Implementations in practice (bonus)

Lastly, as a bonus I will briefly overview some of these FBF dream engines in the wild. A detailed technical breakdown of FBF implementation is best reserved for a separate article, and a guide for all of AI animation can be found in my article on it, which also includes a category specifically for FBF techniques.

If you're reading this, most likely you have been exposed to tools that enable SD feedback loops. Generally, FBF dream engines are either in the form of streamlined app services, or extensive and complex toolkits. This is not to say that it has to be complex in an overwhelming way, or in a "you don't need to understand it" way. In most customizable Stable Diffusion implementations, such as A1111 WebuUI or ComfyUI, the feedback loops may be initiated through a simple function commonly called "loopback". That is enough to get you started in the spirit of the FBF feedback loop scheme that I have presented.

streamlined apps (blackboxes) extensive hands-on toolkits

The special sauce in the most advanced tools is the ability to meticulously schedule and orchestrate countless parameters and conditioning, however, as mentioned before, the most important recursive processing happens through traditional image operations (as opposed to relying on some sort of AI models). Each loop the images may be scaled, rotated, brightened, darkened, sharpened, blended with your input video, etc. In fact, a big part of what these toolkits offer is actually catered to transformative video workflows, which I have left out on purpose in this essay, because mixing in real video footage into these dream loops causes them to be grounded and rather stuck on rails. This is not necessarily a bad thing, it all depends on one's goals, but I am becoming increasingly convinced that it's an artistic dead end when it comes to AI art, especially when video models are promising a better version of the same thing.

Cadence, "thorough" and "non-thorough" FBF loops

In some cases, the animation frames are generated through SD in "cadence" (as called in Deforum), with intentional "gap" frames. I would call this a "non-thorough" FBF approach. This is particularly meaningful when certain image operations are carried out on all frames (including "gap" frames), which produces smoother, continuous change and motion, while the SD generated textures are cross-faded. To animators, the most obvious analogy would be the use of "key" frames and "in-between" interpolation through animation software.

Real-time and live implementations

With increasing SD back-end and hardware specific optimizations, FBF techniques are more and more often employed in real time applications. The most blunt way to achieve real-time interactivity, is to render each frame fast enough to accumulate sufficient frame-rate (20 or 30 frames per second) in an aforementioned thorough way. This is what StreamDiffusion is doing, although not in a feedback loop. There have been remarkable experiments using this pipeline, but they are limited to using it as a filter, and do not benefit from potential emergent properties and consistency that you get from a feedback loop. This is only a minor (temporary) hurdle though, as proven by relentless effort of individuals such as Dan Wood (figure below), who has been able make use of the best optimization techniques in feedback loops, allowing to observe and pilot the FBF dream process as it is happening live.
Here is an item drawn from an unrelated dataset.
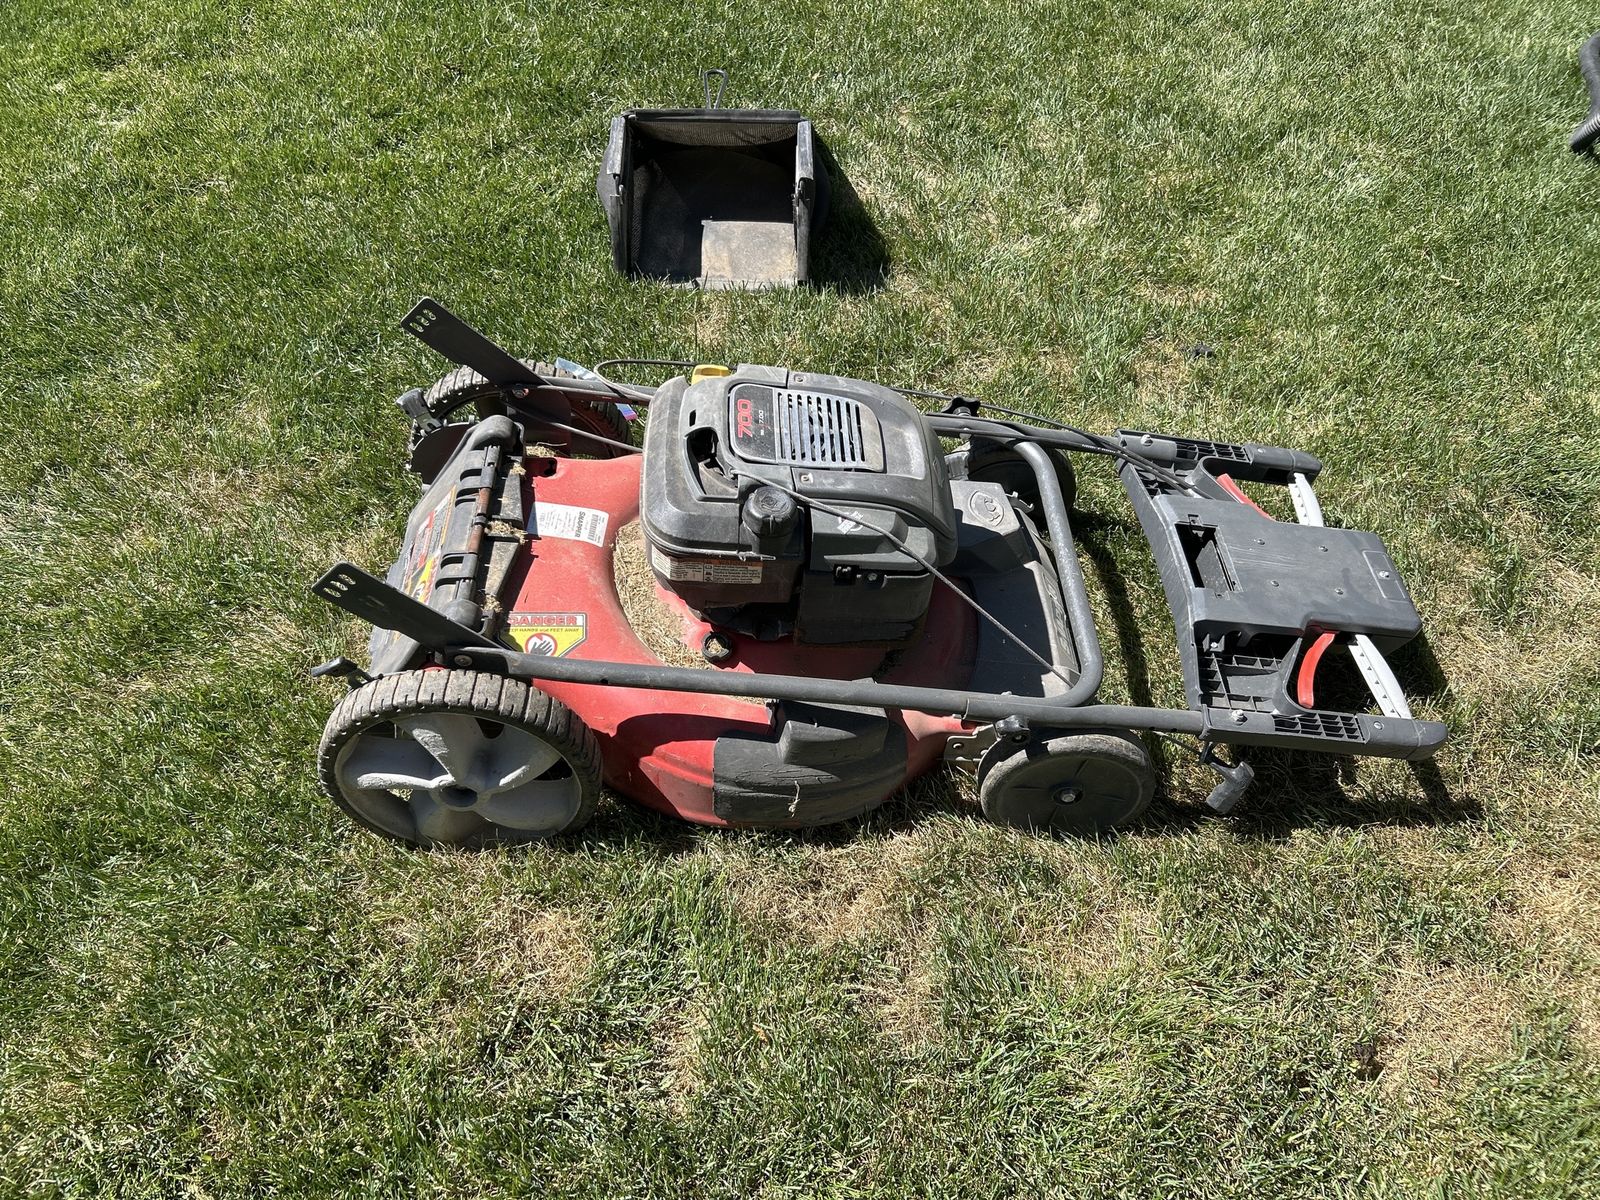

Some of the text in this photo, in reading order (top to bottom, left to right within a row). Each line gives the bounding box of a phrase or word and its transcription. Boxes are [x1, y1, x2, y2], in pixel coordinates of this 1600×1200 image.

A demo by Dan Wood, using SD in a FBF feedback loop in real time coupled with prompting using voice, enabled by implementing state of the art optimizations in his custom pipeline. This is a "dream engine" that is literally being steered live.

There can also be non-thorough approaches to real time FBF, as demonstrated by my own experiment:

A live video feed filter experiment, that is also mixing its own result into a feedback loop, warped continuously to appear "stuck" onto surfaces. The "key" frames were generating every one second or so.

Such method alleviates the pressure to generate frames fast enough through SD, allowing arbitrary gaps between them. It does however require clever techniques to blend and interpolate between the generated frames on the fly, if you care to make it appear smooth.